SEC keberatan Enron membayar CEO sementara $1,3 juta
2 min read
WASHINGTON – Komisi Sekuritas dan Bursa pada hari Jumat keberatan dengan kebangkrutan Enron dengan membayar CEO sementaranya $1,3 juta per tahun dan membiarkan dia mempekerjakan sebanyak 15 rekanan.
SEC, yang sedang menyelidiki kebangkrutan Enron, mengatakan dalam pengajuannya ke pengadilan kebangkrutan federal bahwa banyak ketentuan dalam kesepakatan Enron dengan spesialis turnaround Stephen Cooper “melampaui batas dan tidak tepat.”
Departemen Kehakiman juga menyelidiki Enron dan auditor lamanya, firma akuntansi Arthur Andersen. Seorang pejabat Kehakiman mengindikasikan pada hari Jumat bahwa pengacara pemerintah sedang bernegosiasi dengan Andersen. Pejabat itu tidak memberikan rincian apa pun.
Andersen mengakui pada bulan Januari bahwa karyawannya telah merobek-robek dokumen terkait Enron secara besar-besaran dan kemudian memecat kepala auditor Enron karena menghancurkan dokumen tersebut.
SEC, mengacu pada perjanjian Enron dengan Cooper, mengatakan: “Ketentuan ini menimbulkan keraguan atas keadilan penanganan Enron atas kasus kebangkrutan dan proses kebangkrutan secara keseluruhan.” Badan tersebut mengajukan perintah tersebut ke Pengadilan Kebangkrutan AS di New York, di mana Enron mengajukan perlindungan dari kreditor pada tanggal 2 Desember.
Seorang pengacara yang mewakili Enron mengatakan kesepakatan baru dengan Cooper telah diajukan ke pengadilan pada hari Jumat yang menjawab beberapa keberatan SEC namun tetap mempertahankan gaji $1,3 juta dan masih memungkinkan dia untuk mempekerjakan hingga 15 rekanan dengan gaji tahunan masing-masing $864,000.

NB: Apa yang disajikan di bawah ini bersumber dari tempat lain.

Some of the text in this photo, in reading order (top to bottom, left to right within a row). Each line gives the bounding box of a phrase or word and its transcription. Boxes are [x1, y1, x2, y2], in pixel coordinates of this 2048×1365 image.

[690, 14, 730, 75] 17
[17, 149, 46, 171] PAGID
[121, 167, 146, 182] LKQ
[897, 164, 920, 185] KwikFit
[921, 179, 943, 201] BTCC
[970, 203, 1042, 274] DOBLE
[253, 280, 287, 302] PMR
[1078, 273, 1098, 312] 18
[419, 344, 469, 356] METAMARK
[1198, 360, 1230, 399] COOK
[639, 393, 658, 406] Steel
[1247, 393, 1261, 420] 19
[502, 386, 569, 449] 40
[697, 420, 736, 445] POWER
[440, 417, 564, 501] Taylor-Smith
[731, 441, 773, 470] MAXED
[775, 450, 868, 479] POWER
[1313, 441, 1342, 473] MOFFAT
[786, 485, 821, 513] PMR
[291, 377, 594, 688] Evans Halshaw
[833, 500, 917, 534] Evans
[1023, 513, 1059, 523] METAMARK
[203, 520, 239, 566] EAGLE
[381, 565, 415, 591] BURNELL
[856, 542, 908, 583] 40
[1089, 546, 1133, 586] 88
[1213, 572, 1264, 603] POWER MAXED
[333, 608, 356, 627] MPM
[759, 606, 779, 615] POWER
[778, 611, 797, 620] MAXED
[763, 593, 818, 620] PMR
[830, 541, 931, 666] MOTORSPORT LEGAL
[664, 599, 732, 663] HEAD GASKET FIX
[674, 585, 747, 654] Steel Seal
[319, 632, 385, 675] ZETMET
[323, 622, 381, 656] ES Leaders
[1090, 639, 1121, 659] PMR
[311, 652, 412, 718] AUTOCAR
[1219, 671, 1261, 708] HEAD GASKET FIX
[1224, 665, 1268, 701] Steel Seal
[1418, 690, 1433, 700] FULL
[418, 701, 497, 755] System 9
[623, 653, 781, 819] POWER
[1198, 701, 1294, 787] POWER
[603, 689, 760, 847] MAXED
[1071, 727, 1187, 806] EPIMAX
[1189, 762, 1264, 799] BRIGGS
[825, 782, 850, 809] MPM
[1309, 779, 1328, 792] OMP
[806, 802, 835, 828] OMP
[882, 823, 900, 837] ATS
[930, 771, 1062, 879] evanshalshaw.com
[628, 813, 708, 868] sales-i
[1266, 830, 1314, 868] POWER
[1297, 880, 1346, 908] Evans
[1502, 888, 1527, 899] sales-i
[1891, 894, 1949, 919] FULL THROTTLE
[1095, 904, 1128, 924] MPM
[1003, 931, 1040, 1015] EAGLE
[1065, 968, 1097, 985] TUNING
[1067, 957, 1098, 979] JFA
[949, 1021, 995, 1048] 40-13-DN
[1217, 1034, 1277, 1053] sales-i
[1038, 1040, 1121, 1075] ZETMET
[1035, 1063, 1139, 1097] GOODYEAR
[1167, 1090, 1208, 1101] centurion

Berdasarkan usulan perjanjian baru, Cooper tidak lagi secara otomatis berhak atas biaya $5 juta jika Enron berhasil melakukan reorganisasi atau likuidasi, kata Martin Bienenstock, pengacara luar yang mewakili Enron dalam proses kebangkrutan. Cooper, yang ditunjuk oleh dewan direksi Enron pada 29 Januari, juga akan memikul tanggung jawab hukum kepada para pemegang saham.

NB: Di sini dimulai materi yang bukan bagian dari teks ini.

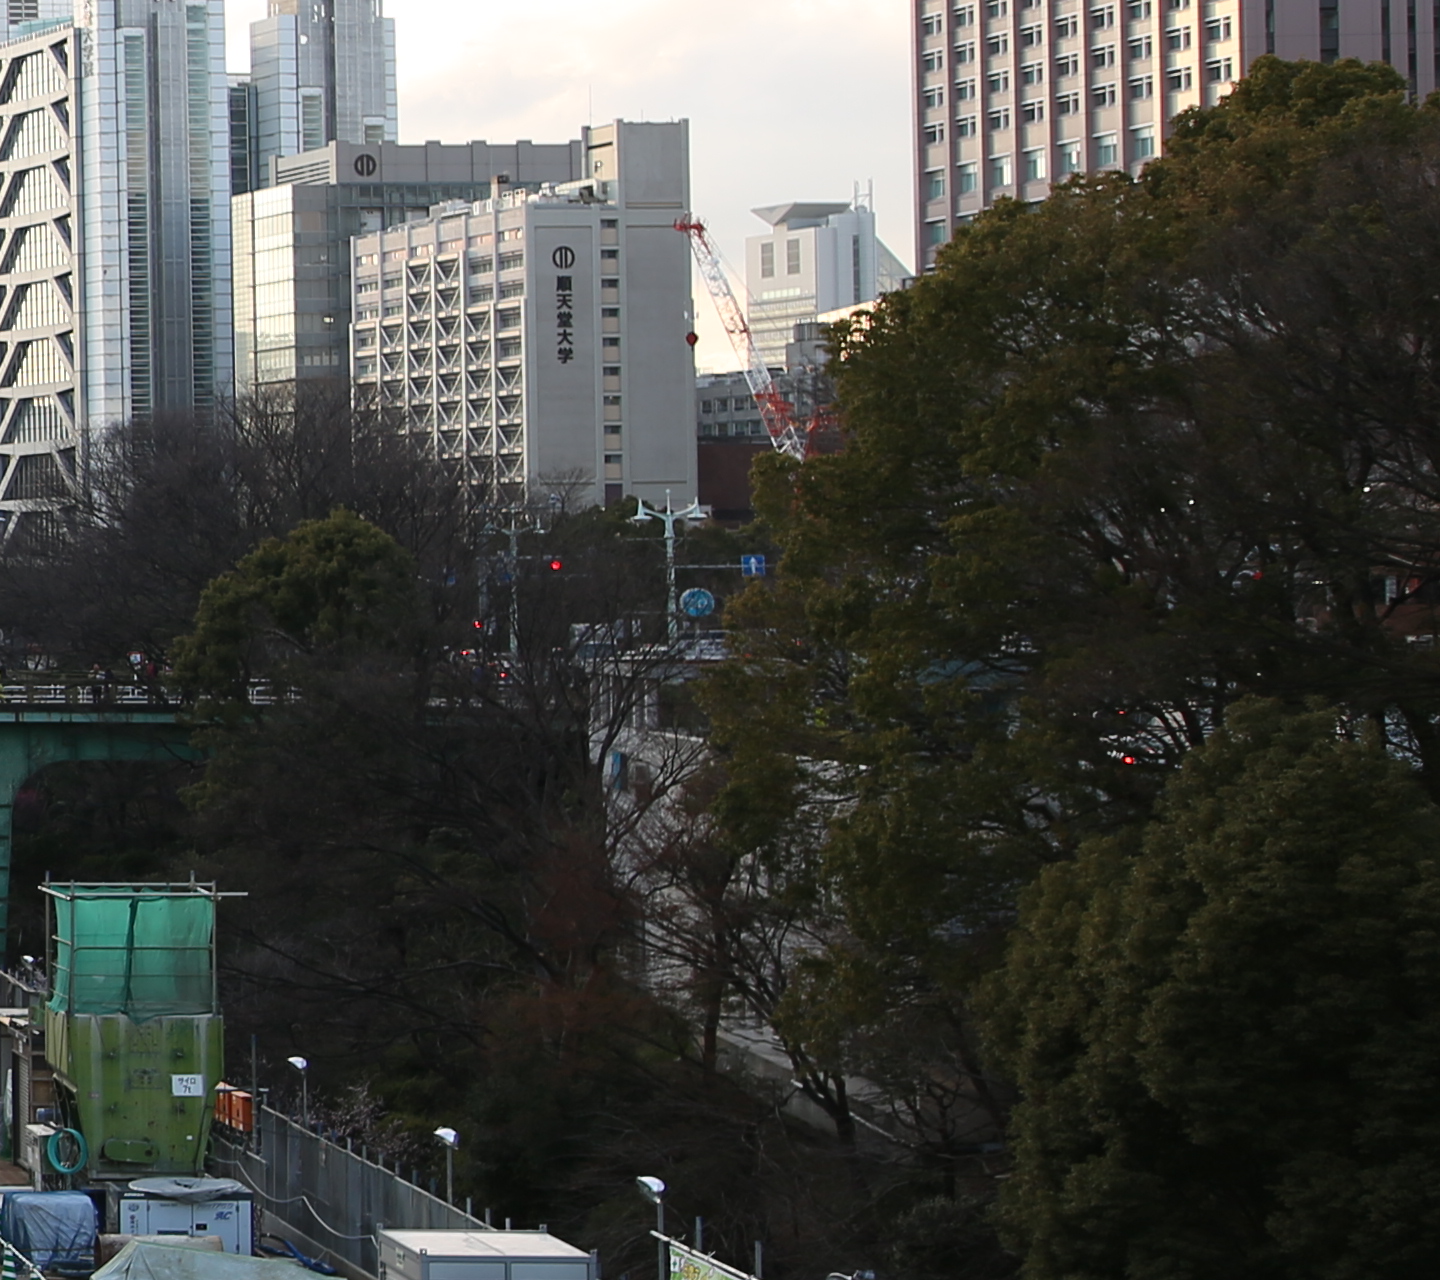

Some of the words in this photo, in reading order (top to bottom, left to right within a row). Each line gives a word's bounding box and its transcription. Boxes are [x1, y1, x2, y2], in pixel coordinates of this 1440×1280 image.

[556, 275, 574, 365] 順天堂大学

Sidang dijadwalkan pada minggu pertama bulan April.
Cooper mengatakan minggu ini bahwa menghidupkan kembali perusahaan perdagangan energi yang tersisa akan sulit dan tidak seperti kasus sebelumnya, namun bukan tidak mungkin.
Mantan CEO Enron Jeffrey Skilling, sementara itu, membalas anggota parlemen yang membantah kesaksiannya baru-baru ini di depan Kongres, dengan pengacaranya mengatakan pernyataannya benar dan menyebut penyelidikan mereka “menuduh dan menuduh.”
Pimpinan Komite Energi dan Perdagangan DPR meminta Skilling untuk mengklarifikasi pernyataan yang dibuatnya pada 7 Februari tentang keterlibatannya dalam transaksi keuangan yang meragukan. Skilling mengatakan dia tidak ingat pernah terlibat dalam menyetujui kesepakatan terkait dengan apa yang disebut Raptors, struktur keuangan rapuh yang membuat lebih dari $1 miliar utang tidak tercatat dalam pembukuan Enron dan pada akhirnya menjatuhkan perusahaan tersebut.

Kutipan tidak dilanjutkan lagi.